All China final juga terjadi di ganda putra. Li Junhui/Liu
Yuchen berhadapan dengan Huang Kaixiang/Wang Yilyu. Li/Liu yang dijagokan di
tempat keenam masih terlalu tangguh bagi pasangan non unggulan itu yang
dikalahkan dengan mudah, 21-14 dan 21-12.
Selain China, Jepang menguasai ganda putri. Unggulan pertama
Misaki Matsutomo/Ayaka Takahashi merengkuh gelar pertama tahun ini sekaligus
mempertahankan gelar usai mengalahkan wakil Korea Selatan, Kim Hye Rin / Yoo
Hae Won, 21-19 16-21 21-10.
Misaki dan Ayaka pertahankan gelar ganda putri/bwfbadminton.com |
Dengan performa puncak yang tetap dipertahankan bukan
sesuatu yang aneh bila Tai Tzu-ying merengkuh gelar tunggal putri.
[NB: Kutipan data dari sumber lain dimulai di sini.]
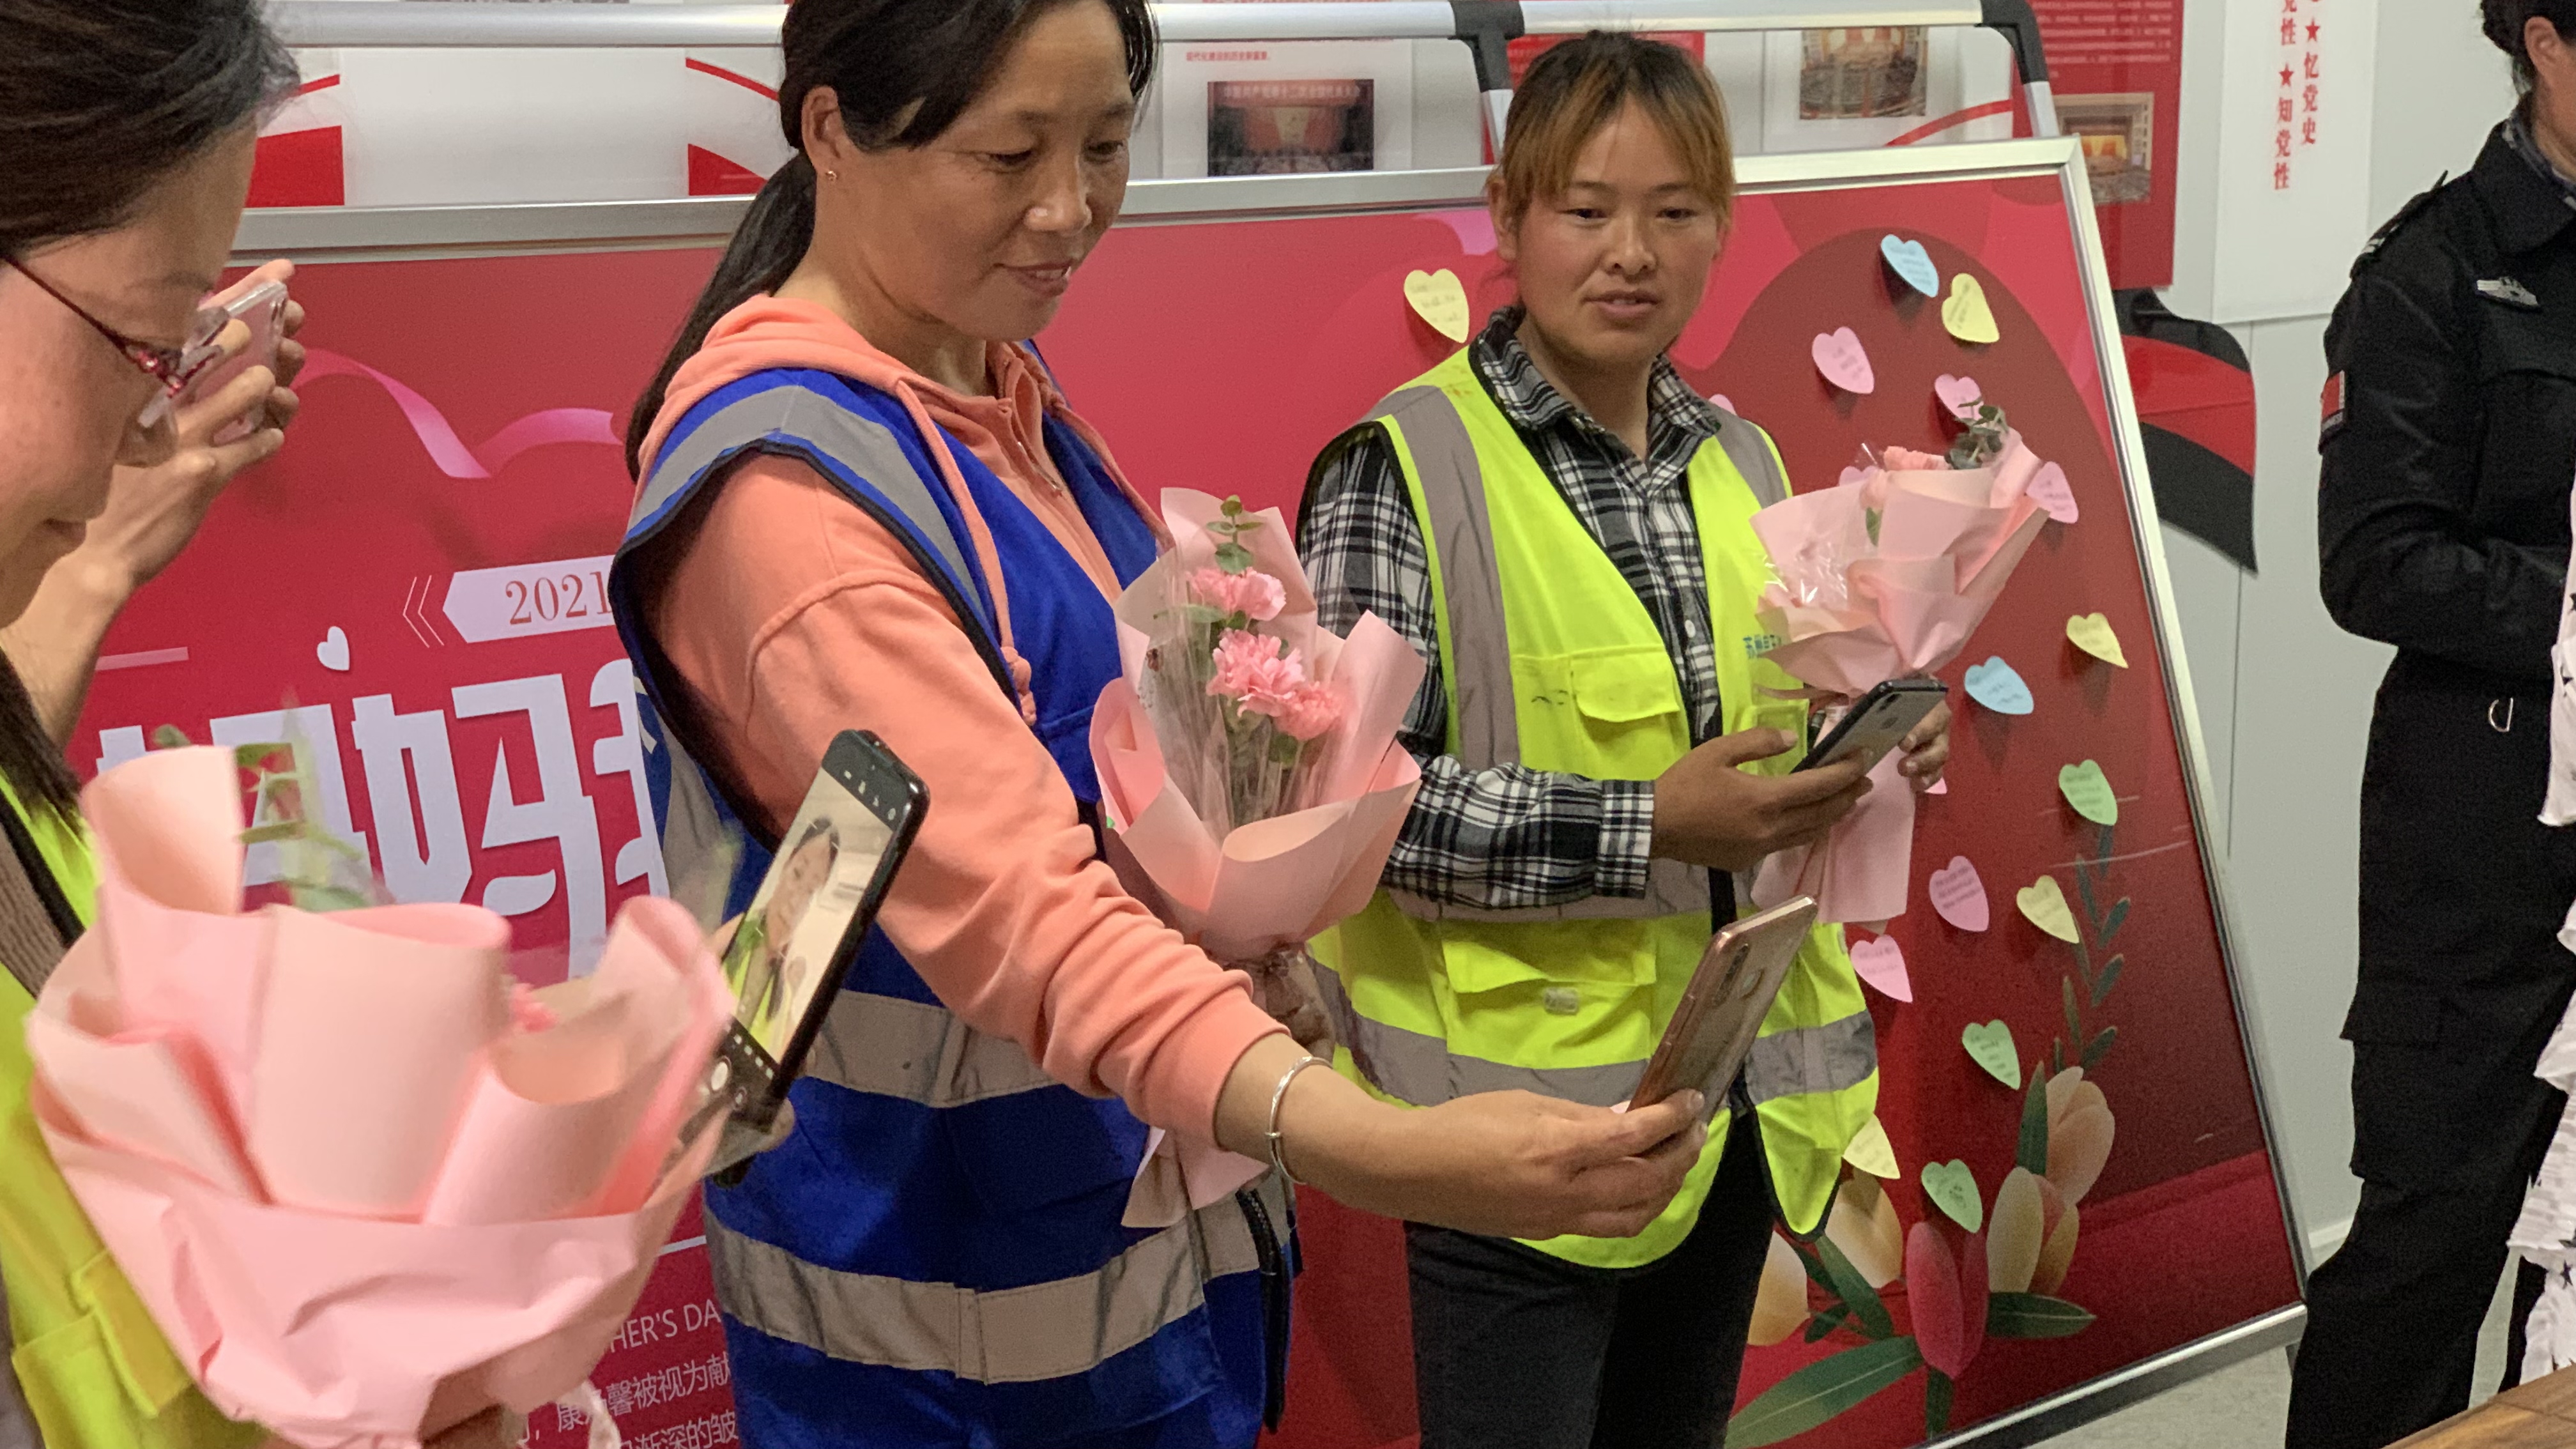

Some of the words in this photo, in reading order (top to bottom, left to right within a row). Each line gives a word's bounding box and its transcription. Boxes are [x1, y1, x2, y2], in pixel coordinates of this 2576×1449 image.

[2274, 97, 2292, 190] 知党性
[2301, 52, 2319, 145] 忆党史
[505, 571, 612, 625] 2021
Pemain putri
asal Taiwan ini beradu dengan sesama pemain muda dari Jepang, Akane Yamaguchi. Ini
adalah final ideal yang mempertemukan dua unggulan teratas.
Tai lebih dulu tertinggal di game pertama. Namun pemain
nomor satu dunia itu berhasil bangkit untuk menyudahi perlawanan unggulan dua, 18-21
21-11 21-18 dalam waktu 59 menit. Konsistensi Tai menunjukkan dirinya sebagai
pemain putri istimewa.
Belum ada dalam sejarah seorang pemain merebut enam gelar
secara beruntun. Hanya Tai yang bisa melakuan itu. Sejak kalah dari pemain
China, Sun Yu di China Open, November tahun lalu, pemain 22 tahun itu tak
pernah kalah. Lima gelar direbut berturut-turut sejak Hong Kong Open dan Dubai
Super Series Finals di tahun 2016, All England, Malaysia Open dan Singapore
Open. Gelar keenam ini menegaskan bahwa dominasi Tai belum tergoyahkan.
Ratchanok Intanon dari Thailand sempat mencuri perhatian tetapi belum
sekonsisten putri mantan petugas pemadam kebakaran itu.
Tai Tzu-ying merebut gelar keenam secara berutun/bwfbadminton.com |
Indonesia? Apakah absennya Marcus Fernaldi Gideon/Kevin
Sanjaya Sukamuljo dan Tontowi Ahmad/Liliyana Natsir menjadi alibi hasil buruk
yang dituai? Saya kira itu lebih sebagai pelipur lara, ketimbang bertanya diri
dan melakukan pembenahan serius. Sampai kapan kita terus bergantung pada
Owi/Butet dan menyodorkan duo Minions sebagai “bumper” untuk meraih prestasi?
Mari berkaca, dan bekerja lebih keras bila tidak ingin nasib
serupa berulang di Piala Sudirman, 21-28 Mei di Gold Coast, Australia.
Tulisan ini terbit pertama di Kompasiana, 1 Mei 2017.